Over voltage conditions are most likely to occur prior to synchronization. Once synchronized, over voltage can occur but the limits may be less restrictive than other limiting factors. The damage mechanism associated with the over voltage condition is overheating of the generator stator cores from operating in magnetic saturation.

When the voltage regulator is operating in automatic, the over voltage limit is enforced by the volts/hertz limiter function (VHL or HXL). The limiter is a control function of the automatic voltage regulator and acts to prevent the generator from exceeding the specified volts/Hz ratio using the automatic voltage regulator output. The action of the volts/Hz limiter is not usually time delayed.

The limiter is usually backed up by a volts/Hz protection scheme (VHP or HXP). The implementation of the volt/Hz protection is quite variable among sites and manufacturers, with some installations choosing to disable the volts/Hz protection once the generator is synchronized.

The most common version of volts/Hz protection utilizes dual set points, each with their own time delays, where the lower set point device has a long time delay and the higher set point device has a shorter time delay. In some cases, the automatic voltage regulator (AVR) is tripped to manual operation as part of the sequence in expectation that the AVR has malfunctioned. If the AVR was at fault, the generator output voltage should be reduced, the transient terminated and a unit trip avoided.

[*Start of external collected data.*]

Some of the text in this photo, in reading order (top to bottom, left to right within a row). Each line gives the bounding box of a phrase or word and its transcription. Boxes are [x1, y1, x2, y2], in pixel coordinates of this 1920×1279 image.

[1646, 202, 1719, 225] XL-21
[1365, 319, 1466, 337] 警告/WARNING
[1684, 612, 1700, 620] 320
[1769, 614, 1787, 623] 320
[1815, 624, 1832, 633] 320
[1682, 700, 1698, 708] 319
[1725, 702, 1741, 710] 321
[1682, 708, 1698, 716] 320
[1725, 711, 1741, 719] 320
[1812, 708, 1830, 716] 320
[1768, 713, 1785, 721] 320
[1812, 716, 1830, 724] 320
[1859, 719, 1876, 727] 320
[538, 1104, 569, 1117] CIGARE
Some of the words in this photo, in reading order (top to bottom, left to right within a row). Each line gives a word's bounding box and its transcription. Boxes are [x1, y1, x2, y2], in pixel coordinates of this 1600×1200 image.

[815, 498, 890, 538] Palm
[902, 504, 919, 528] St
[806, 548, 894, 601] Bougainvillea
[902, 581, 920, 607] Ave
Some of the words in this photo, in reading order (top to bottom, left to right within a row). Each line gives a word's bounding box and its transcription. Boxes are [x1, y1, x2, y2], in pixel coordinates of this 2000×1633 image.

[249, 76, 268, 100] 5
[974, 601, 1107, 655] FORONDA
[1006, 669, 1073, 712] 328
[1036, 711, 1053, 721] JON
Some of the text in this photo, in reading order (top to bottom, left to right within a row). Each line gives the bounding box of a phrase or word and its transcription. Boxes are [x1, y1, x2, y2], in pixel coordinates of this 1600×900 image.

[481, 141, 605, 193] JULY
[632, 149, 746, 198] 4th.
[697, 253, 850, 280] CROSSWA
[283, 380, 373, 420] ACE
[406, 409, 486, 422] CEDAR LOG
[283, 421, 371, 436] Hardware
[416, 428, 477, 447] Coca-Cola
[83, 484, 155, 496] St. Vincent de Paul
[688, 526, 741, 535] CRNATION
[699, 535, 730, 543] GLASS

In all cases, if the over voltage condition persists for too long, the final result of the protection scheme is removal of excitation from the generator, either through opening of the field breaker or tripping of the generator lockout relay.

Generator VEE Curve

The VEE Curve illustrates the relationship of generator excitation to the range of generator operating load conditions. The ratings of the generator are listed across the top of the graph. The vertical axis is scaled in per unit MVA (fractional percent). The horizontal axis is scaled in amps of field current. Throughout the curve, the generator is assumed to be at rated voltage and rated frequency. The effects of reduced cooling capability are shown with the three hydrogen pressure values. Reduced cooling capability mandates reductions in the maximum allowable MVA and field current.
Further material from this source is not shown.